The programme's most talked about public artwork is the see-through building of steel built by architects duo Pieterjan Gijs and Arnout Van Vaerenbergh in the middle of Borgloon's corn and apple fields. The 10 metre high structure has the archetypal shape of the churches found in the region. Because it is both almost transparent and highly visible, the construction provides an opportunity to have another look at the landscape. It also attracted tourists who would otherwise have never thought of visiting the area (some of them even came from Japan after the church had made the cover of an architecture magazine.)
The building is smaller than i had thought but it is just as stunning as on the photos above.
Wesley Meuris's Memento is a sculpture built by the Borgloon cemetery. The steel structure, with its peculiar acoustics and sci-fi whiteness, envelops the visitor while giving them a perspective on the sky and slices of the surrounding landscape.
I think it's the first time i entered a cemetery to see a contemporary art work.
Some of the works remain in place for several years, others can be seen for only a short time. Last Summer, Dré Wapenaar hung four tear-shaped tents on trees. People could book a tree and spend the night up there.
Japanese artist Tadashi Kawamata headed a workshop where students in architecture, interior architecture and visual arts designed and built Project Burchtheuvel, a wooden sculpture where people can walk up, observe the landscape and relax. The work also scored brownie points because it almost hid the nearby library, a building which hideousness i'd rather not comment.

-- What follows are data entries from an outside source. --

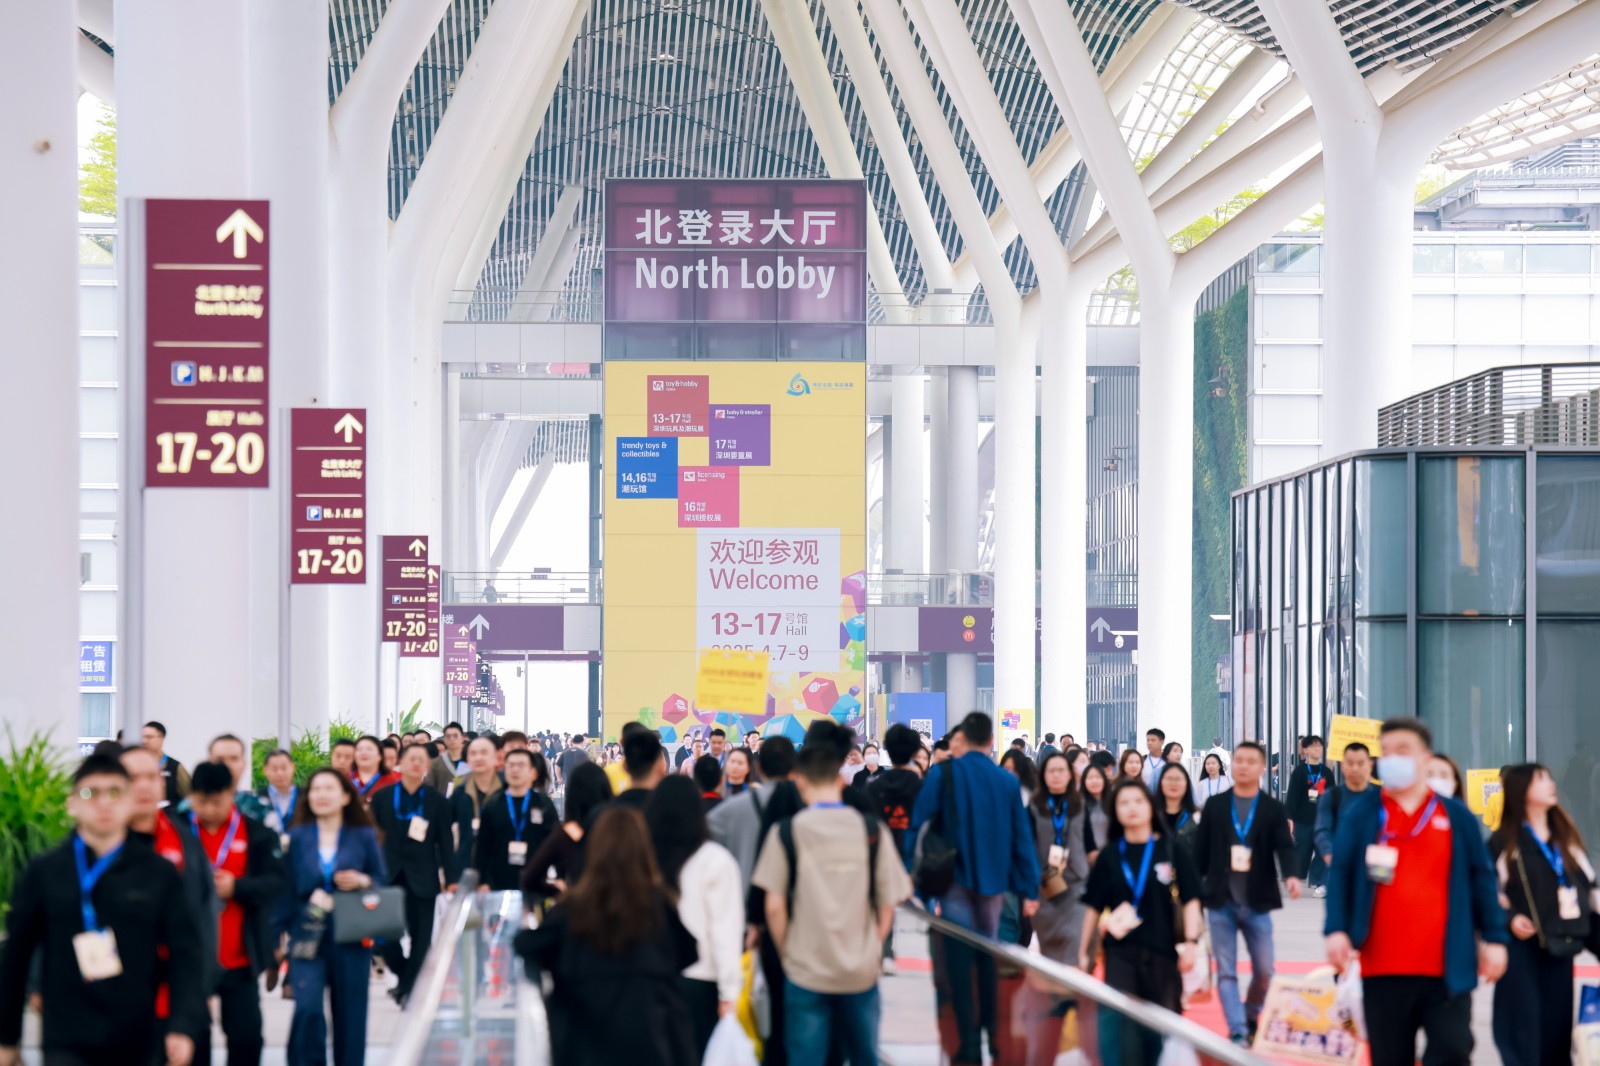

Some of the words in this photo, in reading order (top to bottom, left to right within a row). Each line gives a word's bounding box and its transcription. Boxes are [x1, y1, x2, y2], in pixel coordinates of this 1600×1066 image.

[635, 209, 836, 245] 北登录大厅
[635, 256, 729, 289] North
[741, 256, 835, 299] Lobby
[653, 413, 680, 423] 13-17
[715, 440, 726, 449] 17
[156, 432, 264, 474] 17-20
[622, 473, 646, 483] 14,16
[622, 485, 647, 493] 潮玩馆
[684, 502, 696, 511] 16
[709, 539, 819, 565] 欢迎参观
[298, 549, 363, 574] 17-20
[709, 569, 818, 590] Welcome
[386, 621, 426, 636] 17-20
[712, 613, 782, 635] 13-17
[785, 613, 808, 624] 号馆
[786, 626, 807, 636] Hall
[81, 645, 106, 657] 广告
[404, 639, 438, 652] 17-20
[80, 660, 105, 672] 租赁
[446, 672, 468, 681] 17-20

Aeneas Wilder built a round construction with a 360º view on the landscape near the Monastery of Colen in Kerniel. Walking around the structure reminds visitors of a meditative promenade in the internal garden of a monastery. Not that everyone uses the space to collect their thoughts. When i visited children were using it to skate and cycle.
And the list goes on...
The artworks are also accompanied by workshops, side activities and public events. The smartest way to see them is to rent a bike and cycle from one to the other.
This post wasn't sponsored in any way by the local tourism office. Maybe next time i'll try and get a gigantic inflatable duck though.

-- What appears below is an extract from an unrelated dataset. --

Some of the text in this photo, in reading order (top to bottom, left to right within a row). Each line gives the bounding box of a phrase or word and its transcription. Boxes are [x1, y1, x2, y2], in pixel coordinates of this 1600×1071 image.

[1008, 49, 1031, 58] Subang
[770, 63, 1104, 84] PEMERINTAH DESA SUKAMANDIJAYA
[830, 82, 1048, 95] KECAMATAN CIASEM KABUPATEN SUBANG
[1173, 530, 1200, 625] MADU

If you think that the ongoing edition of the Manifesta biennale is not enough to lure you to the Limburg region of Belgium, how about an exhibition about the work of 30 artists who are looking for gaps in the ruling systems and structures?
Mind the System, Find the Gap is this year's Summer exhibition at Z33 and the concept of the show has been applied literally to the Z33 space. The artworks occupy every space available: they are in the usual exhibition spaces of course but also in the garden, in the reception area, and inside the little Beguinage houses.

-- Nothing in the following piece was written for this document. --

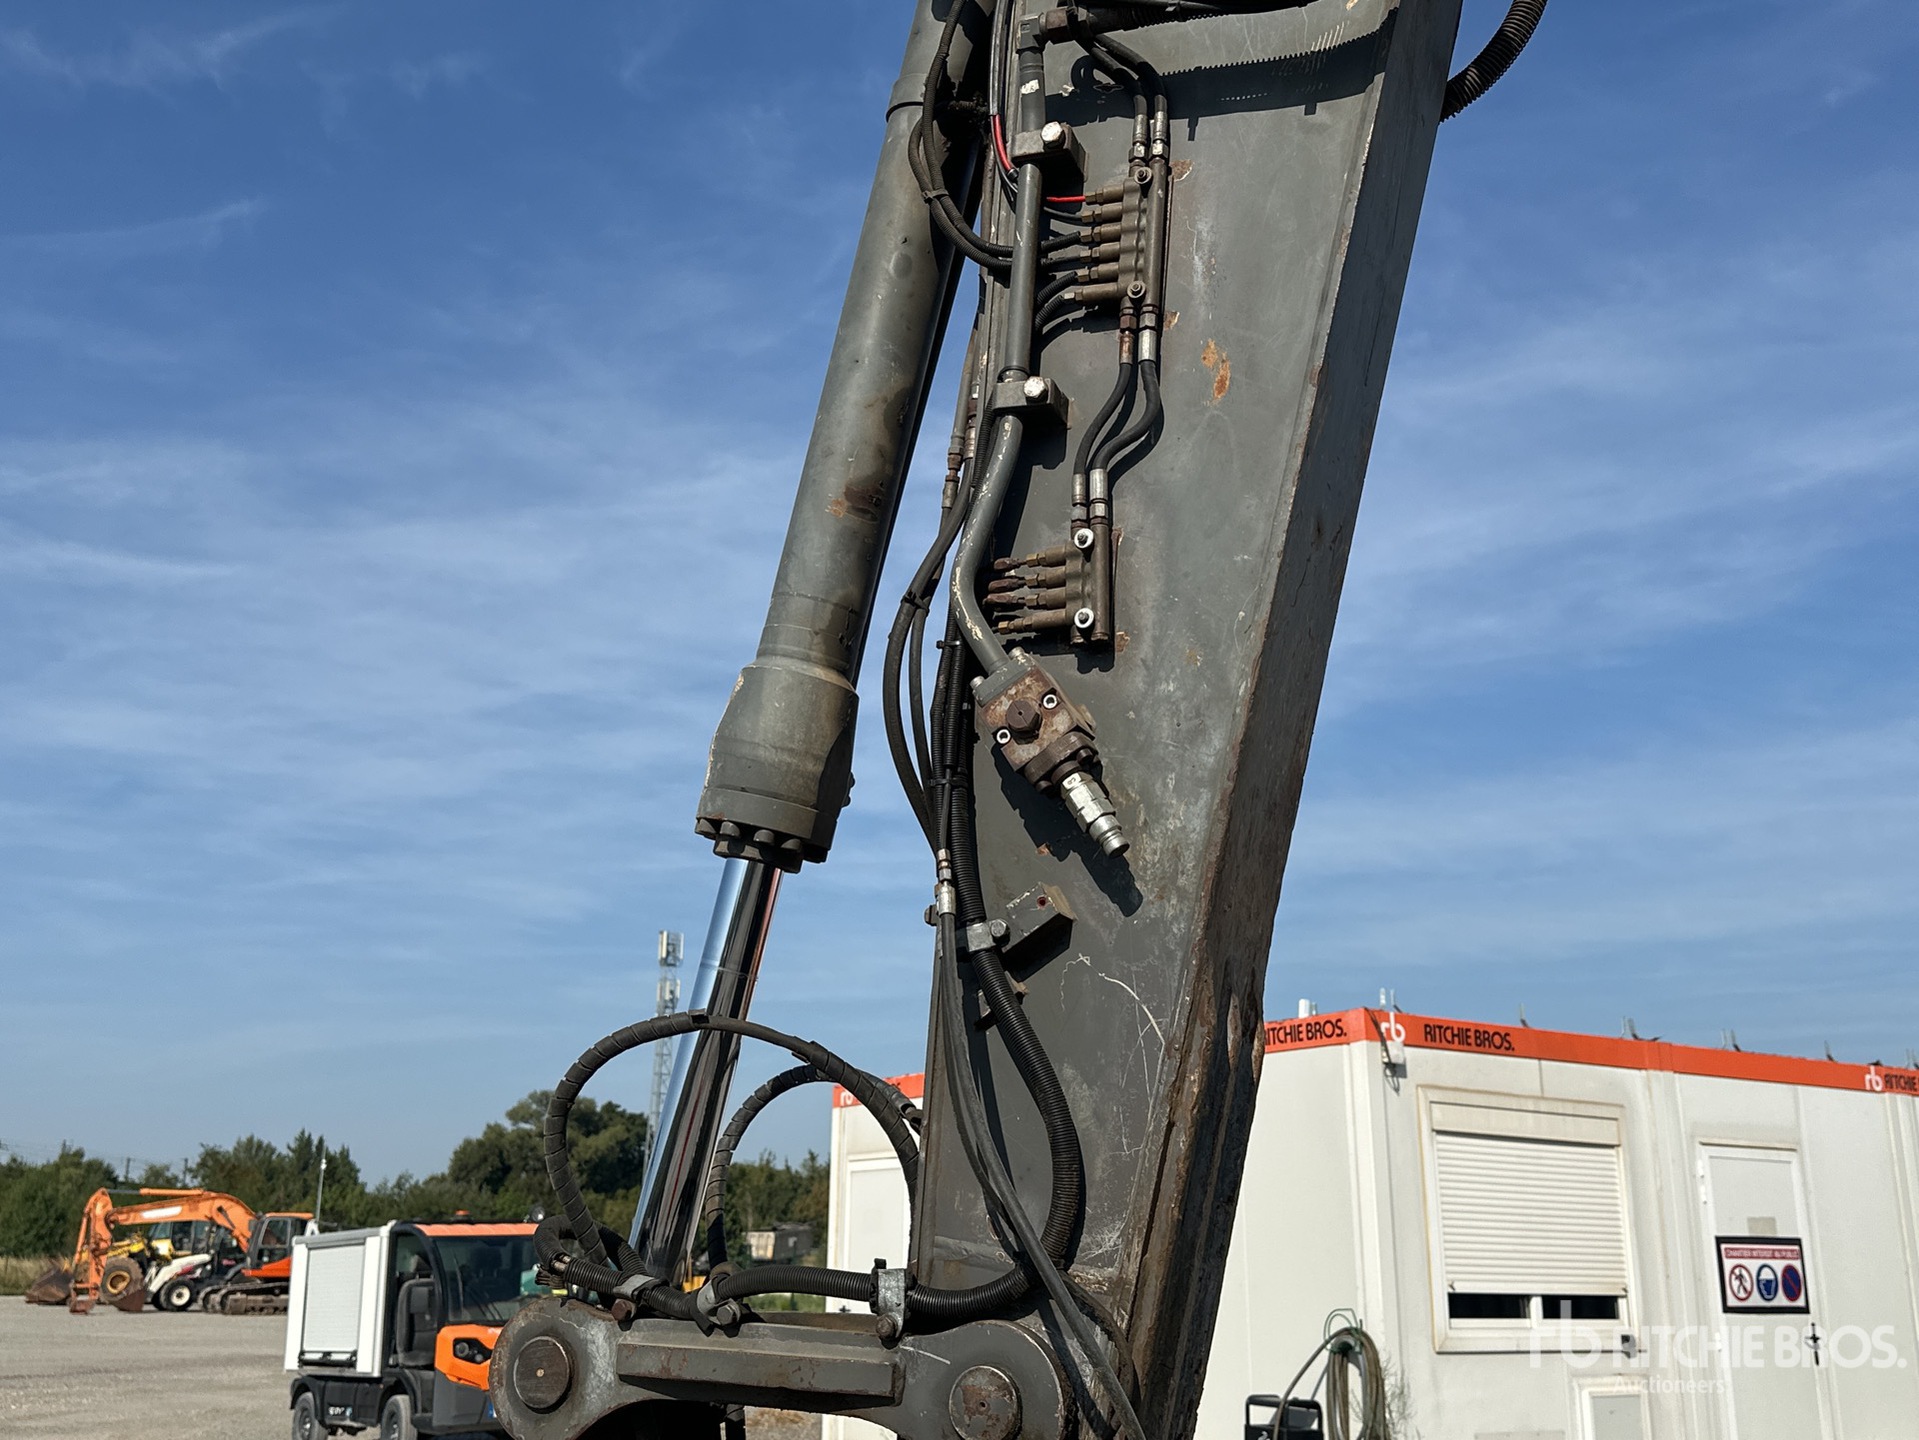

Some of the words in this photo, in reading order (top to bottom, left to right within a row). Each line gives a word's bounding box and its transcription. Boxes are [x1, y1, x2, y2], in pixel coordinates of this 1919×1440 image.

[1305, 1018, 1347, 1040] BROS.
[1424, 1024, 1472, 1046] RITCHIE
[1474, 1029, 1516, 1051] BROS.

Our society is governed by all sorts of systems and structures. No system, however, whether political, judicial, economical, socio-cultural or spatial, can comprise life in its entirety. Every system has loopholes, leaks and ambiguities.
The exhibition is uplifting and timely. In these moments of social inequality, austerity, cuts in culture budgets, low social mobility, loss of privacy, recession, it is reassuring to discover that the systems that govern our existences have flaws and spaces that we can infiltrate. Even if this form of resistance is often more symbolic than truly power-challenging.
Some of the participating artists merely reveal and document these gaps while others go further and demonstrate how to take advantage of them. The artworks are organized according to themes: political systems, spatial systems and socio-cultural systems with of course much overlap since many of the artworks confront several systems at the same time.
The clearest and probably most amusing introduction to the show has to be Matthieu Laurette's project. For 8 years, the artist ate, shaved, dressed and showered for free thanks to Moneyback Products, a method of shopping that pushed to the extreme the marketing system of the major food corporations which offer their product with a "Satisfied or your money back" or "Money back on first purchase" label. Similarly, Laurette's home was always equipped with brand new electrical goods which he sent back before the end of the guarantee - to replace them with brand new ones.
The strategy requires to be extremely well organised. Because most manufacturers ask you to send back a separate till receipts before they will refund items, you need to pay separately for each product.
Moneyback Products was an art project but also a life style that leaked beyond the walls of art galleries. Laurette became indeed a celebrity in the French media, he was invited to popular talk shows and his project appeared on the cover of mainstream magazines.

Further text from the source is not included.